PROVIDED MATERIAL: Begin

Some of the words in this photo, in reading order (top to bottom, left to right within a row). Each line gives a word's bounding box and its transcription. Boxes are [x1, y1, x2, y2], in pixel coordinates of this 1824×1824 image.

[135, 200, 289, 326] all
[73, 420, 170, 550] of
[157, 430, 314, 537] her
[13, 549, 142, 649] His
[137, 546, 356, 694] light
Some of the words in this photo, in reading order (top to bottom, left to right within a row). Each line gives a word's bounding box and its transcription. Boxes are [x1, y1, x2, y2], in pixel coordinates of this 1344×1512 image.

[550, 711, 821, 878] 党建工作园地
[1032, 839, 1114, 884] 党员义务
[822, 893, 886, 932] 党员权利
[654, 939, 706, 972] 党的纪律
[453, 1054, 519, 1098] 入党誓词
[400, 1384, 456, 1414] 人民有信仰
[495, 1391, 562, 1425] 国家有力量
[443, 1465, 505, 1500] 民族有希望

PROVIDED MATERIAL: End

> **TASK BRIEF**:
The whole listing above is to be copied exactly.

> **ANSWER BOX**:
Some of the words in this photo, in reading order (top to bottom, left to right within a row). Each line gives a word's bounding box and its transcription. Boxes are [x1, y1, x2, y2], in pixel coordinates of this 1824×1824 image.

[135, 200, 289, 326] all
[73, 420, 170, 550] of
[157, 430, 314, 537] her
[13, 549, 142, 649] His
[137, 546, 356, 694] light
Some of the words in this photo, in reading order (top to bottom, left to right within a row). Each line gives a word's bounding box and its transcription. Boxes are [x1, y1, x2, y2], in pixel coordinates of this 1344×1512 image.

[550, 711, 821, 878] 党建工作园地
[1032, 839, 1114, 884] 党员义务
[822, 893, 886, 932] 党员权利
[654, 939, 706, 972] 党的纪律
[453, 1054, 519, 1098] 入党誓词
[400, 1384, 456, 1414] 人民有信仰
[495, 1391, 562, 1425] 国家有力量
[443, 1465, 505, 1500] 民族有希望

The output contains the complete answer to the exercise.